Defined terms used herein unless otherwise defined herein shall
have the meanings ascribed to them in the Credit Agreement as amended by this
Amendment.
AMENDMENT OF CREDIT AGREEMENT.
Section 6.1 of the Credit Agreement is hereby amended by
inserting the following immediately at the end of such Section:
(dd) YEAR 2000. The Companies have reviewed the areas within
their business and operations which could be adversely affected by, and
have developed or are developing a program to address on a timely basis,
the risk that certain computer applications used by the Companies (or
any of their respective material suppliers, customers or vendors) may be
unable to recognize and perform properly date-sensitive functions
involving dates prior to and after December 31, 1999 (the "YEAR 2000
PROBLEM").
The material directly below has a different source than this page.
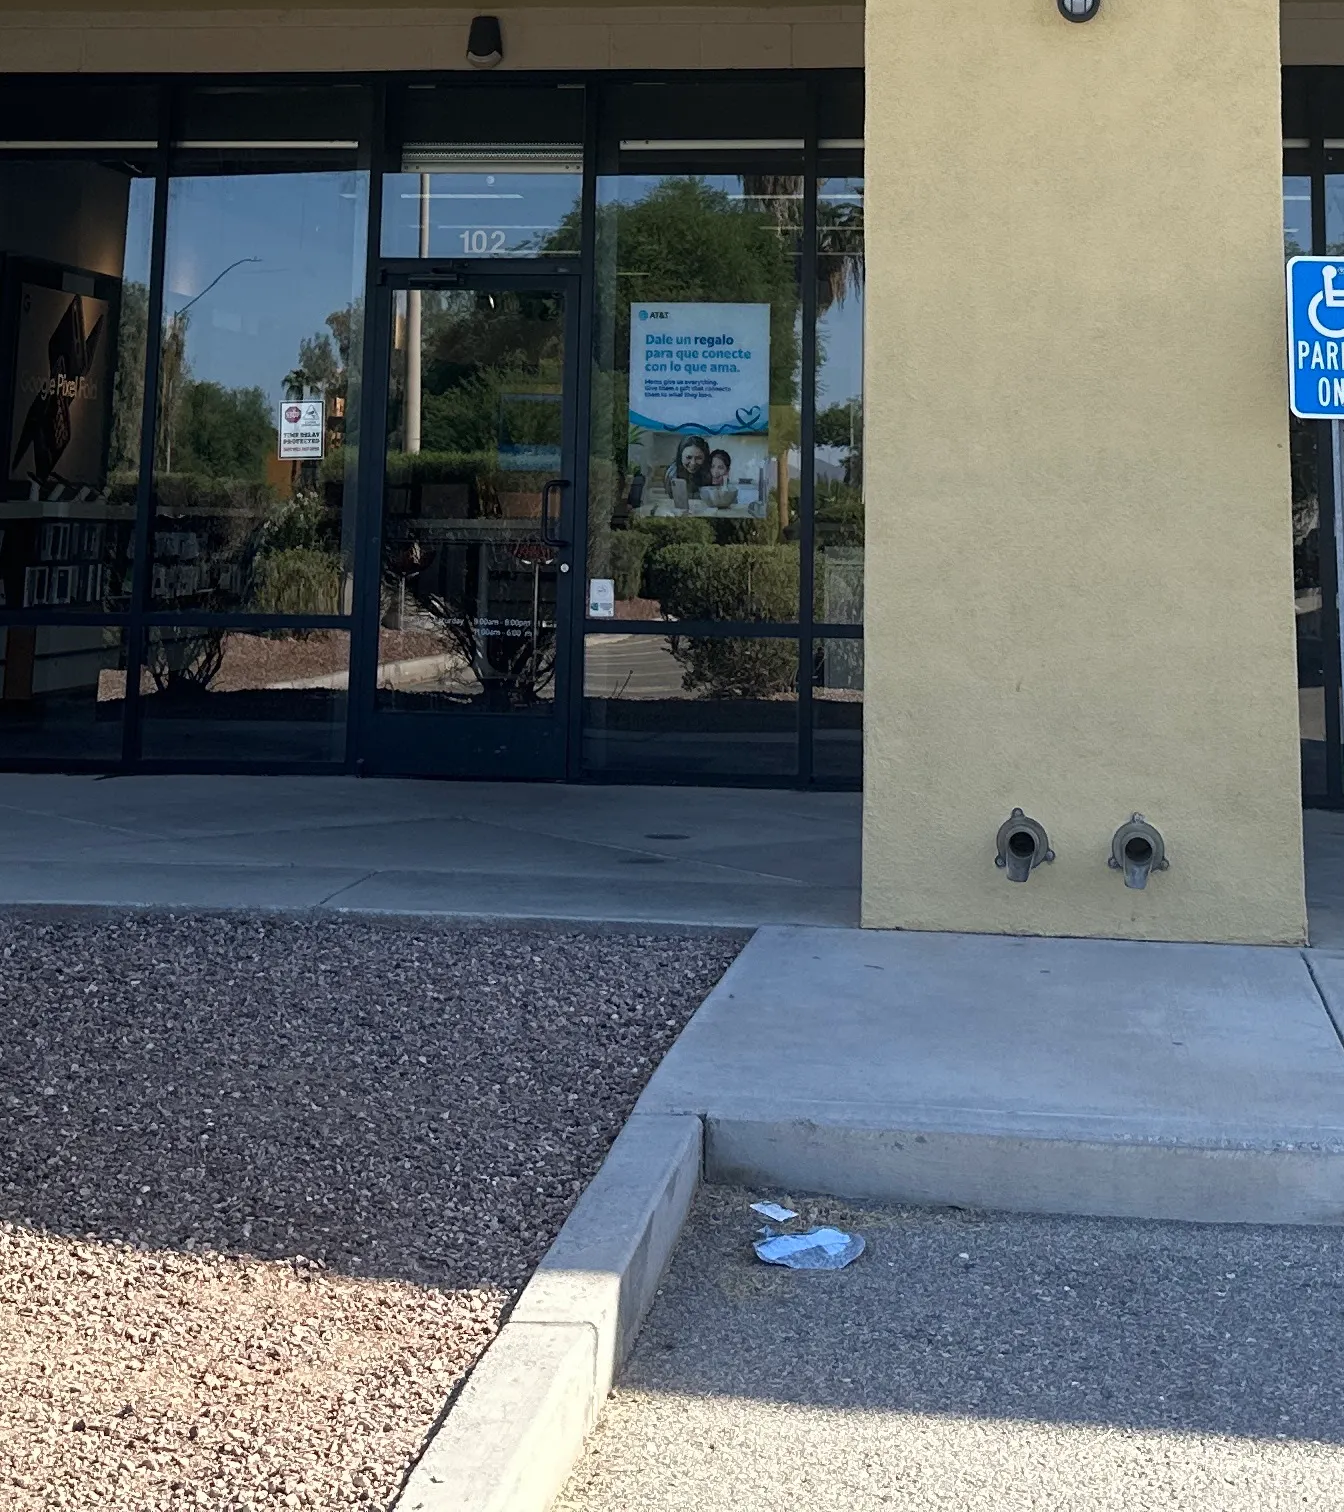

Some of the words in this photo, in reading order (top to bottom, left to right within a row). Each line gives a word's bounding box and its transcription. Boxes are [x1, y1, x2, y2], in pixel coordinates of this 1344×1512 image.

To the best knowledge of the Companies, except as set forth
in the Borrower's most recent Form 10-Q or Form 10-K filed with the
Securities and Exchange Commission, the Year 2000 Problem will not
result in any Material Adverse Change.
Section 8.2(j)(iii) [Liquidations, Mergers, Consolidations and
Acquisitions] is hereby amended by deleting the second proviso in its entirety
and
inserting in lieu thereof:
PROVIDED, FURTHER, that the foregoing dollar limitation shall not
apply to acquisitions in which the only assets being acquired are (A)
the right of one or more of the Companies to receive Fund Fees and any
related contract rights, covenants not to compete, goodwill or other
intangibles and (B) SUBJECT TO THE CAPITAL EXPENDITURE LIMITATION SET
FORTH IN SECTION 8.2(O), FIXED ASSETS, so long as IN ANY SUCH
ACQUISITION (i) any mutual fund generating the Fund Fees which are being
acquired ("TARGET FUND") is merged into an existing fund, (ii) the
composition of the board of directors of any Target Fund is identical to
the board of directors of an existing Fund, or (iii) one or more of the
Companies has entered into a servicing contract with the Target Fund and
such contract or related contracts contain make-whole provisions upon
early termination reasonably acceptable to the Agent.
CONDITIONS OF EFFECTIVENESS OF AMENDMENT OF CREDIT AGREEMENT. The
effectiveness of the amendment of the Credit Agreement is expressly conditioned
upon satisfaction of each of the following conditions precedent on the date
hereof:
REPRESENTATIONS AND WARRANTIES; NO DEFAULTS. The representations and
warranties of the Borrower contained in Article VI of the Credit Agreement shall
be true and accurate on the date thereof with the same effect as though such
representations and warranties had been made on and as of such date (except
representations and warranties which relate solely to an earlier date or time,
which representations and warranties shall be true and correct on and as of the
specific dates or times referred to therein), and the Borrower shall have
performed and complied with all covenants and conditions under the Senior Loan
Documents and hereof; and no Event of Default or Potential Default under the
Credit Agreement and the other Senior Loan Documents shall have occurred and be
continuing or shall exist.
AUTHORIZATION AND INCUMBENCY. There shall be delivered to the Agent for the
benefit of each Bank a certificate, dated as of the date hereof, and signed by
the Secretary or an Assistant Secretary of the Borrower, certifying as
appropriate as to: all action taken by the Borrower in connection with this
Amendment and the other Loan Documents; and
the names of the officer or officers authorized
to sign this Amendment and the other
documents executed and delivered in
connection herewith and described in this
Section 3 and the true signatures of such
officer or officers and, in the case of the
Borrower, specifying the Authorized Officers
permitted to act on behalf of the Borrower
for purposes of the Loan Documents and the
true signatures of such officers, on which
the Agent and each Bank may conclusively
rely.
ACKNOWLEDGMENT. Each of the Loan Parties, other than the Borrower, shall
have executed the Confirmation in the form attached hereto as EXHIBIT 1 hereto.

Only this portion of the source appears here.